Editor’s note: We would like to thank Myfawny Ruiz from Appalachian State University, Boone (North Carolina), for providing this piece. If you would like to share your writing center’s experience during COVID-19, please submit via WLN.
It’s two weeks until Spring classes end, and I’ve developed an English student’s worst nightmare, writer’s block. I have papers to write, and I’m nowhere near where I need to be. My landscape has changed dramatically since we were all sent home to shelter in place. No longer do I have my favorite secluded desk in the library or my calculated study regimen. I’m at home, with my kids, from now until this ends. I knew returning to college at 34 wouldn’t be easy, but I didn’t know a pandemic was on the table. Now my quiet hours of structure have been replaced with literal sensory overload. It feels like the TV has been on since the clock switched to A.M., and it drains my concentration. I have a virtual meeting with the Writing Center tomorrow and so far, I haven’t written a thing. In order to stay accountable these days, I have scheduled daily appointments through the end of the semester, even for papers I haven’t started yet.
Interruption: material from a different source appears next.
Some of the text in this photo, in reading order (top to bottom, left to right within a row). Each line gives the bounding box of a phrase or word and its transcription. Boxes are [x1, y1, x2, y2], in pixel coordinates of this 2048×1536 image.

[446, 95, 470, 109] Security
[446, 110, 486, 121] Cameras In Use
Tonight, after a long day of homeschooling my kids, housework, zoning out, calling my friends with nothing new to say, hours of YouTube videos to drown out the kids’ TV shows, and intervals of obsessing over our uncertain future, I will sit down with my blank Google document to write my half-gathered ideas into a paper that will support my “revolutionary” thesis. At 10 P.M., I begin writing. When I say writing, it is more like a Jackson Pollock painting of letters and words thrown onto a page in what I hope births something scholarly and significant to the already overfilled chasm that is literary study. I write until it becomes painful.
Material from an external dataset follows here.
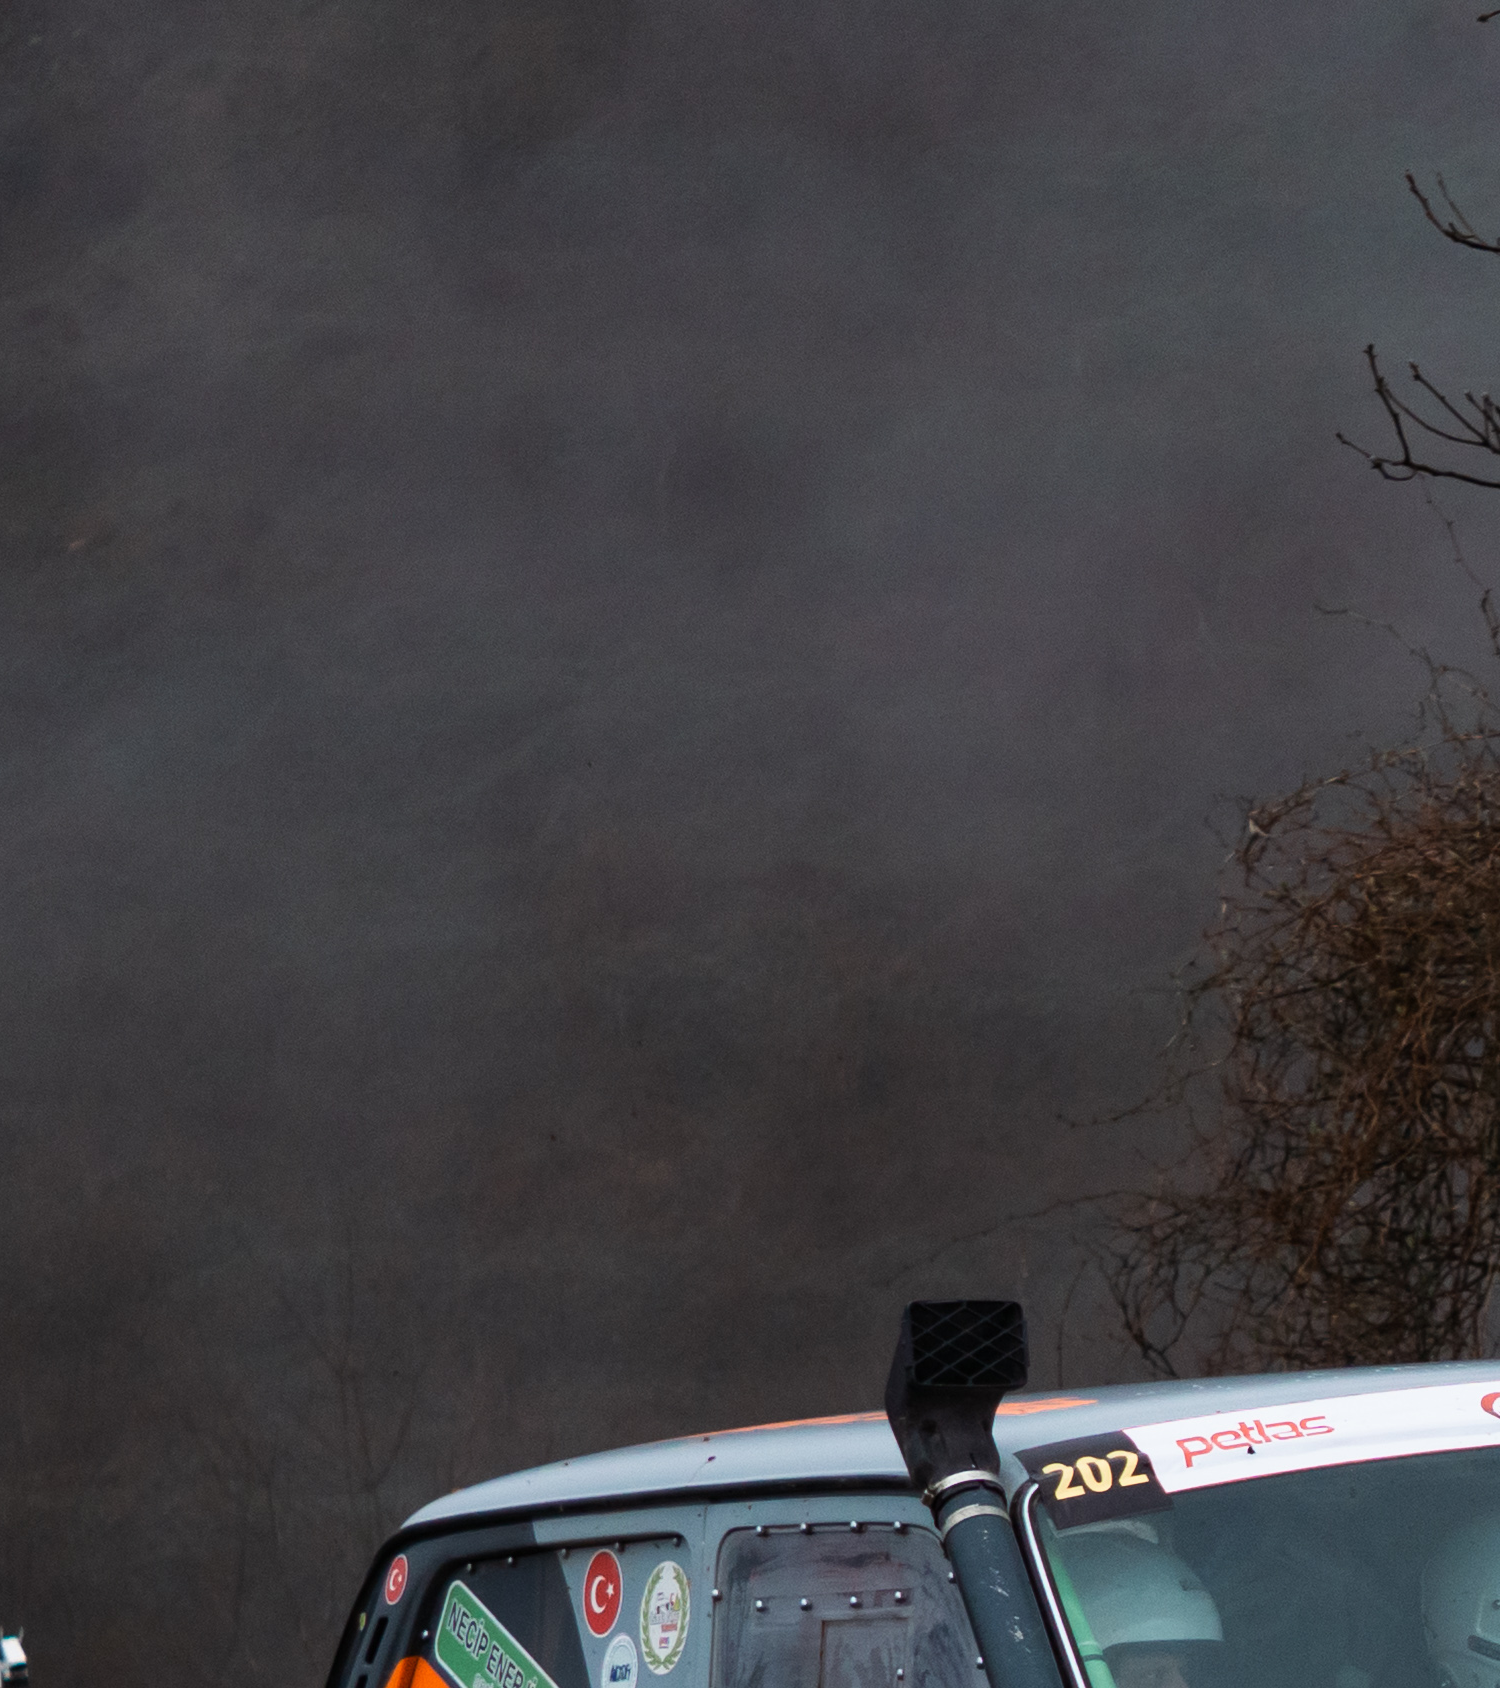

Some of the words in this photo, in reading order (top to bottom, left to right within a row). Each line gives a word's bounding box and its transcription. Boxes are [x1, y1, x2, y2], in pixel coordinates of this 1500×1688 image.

I call it a night and go to bed. I have so much left to do, but at least I’ve written something for my consultant. It’s the small pat on the back I can give myself at 1:45 in the morning. My meeting is at 10:00. These days my preparations for the Writing Center have taken on an entirely new form. Gone are the days of walking in 5 minutes early to greet the receptionist. I hustle to plate the kids’ breakfast and set them up with the TV, holding the faintest dream of having an uninterrupted session. I go upstairs to meet with my consultant. It’s two minutes after, but there they are in our little virtual meeting room smiling and happy to see me. To be honest, I’m happy to see them too. Since the pandemic, most of my professors have decided that asynchronous learning is the best model for everyone’s new, upended life. I have no doubt it was the best decision, but it has left me in desperate need of some form of social semblance in my isolated log cabin.
We start our meeting with pleasantries. We check in on each other and spend the first few minutes of our time discovering our new normal. We go over my draft. They have always made it a point to highlight the positives along with the parts that need work, but now, in a way, the praise feels more essential than ever. It substantiates that, somehow, even though it doesn’t always feel like it, I am making this imperfect situation work.
As we get halfway through our readthrough, my kids erupt through the door. I excuse myself away from the monitor as I attend to their cries. The cries soon become laughter, and I sit back down, apologizing to my consultant. They smile assuring me everything’s fine, and we finish the consultation.
After the meeting, l return to my new quarantine reality. Somehow, I am able to breathe a bit easier now. Life is just as manic as before, but now when I finally sit in front of my screen tonight, the one stress I won’t have is writer’s block.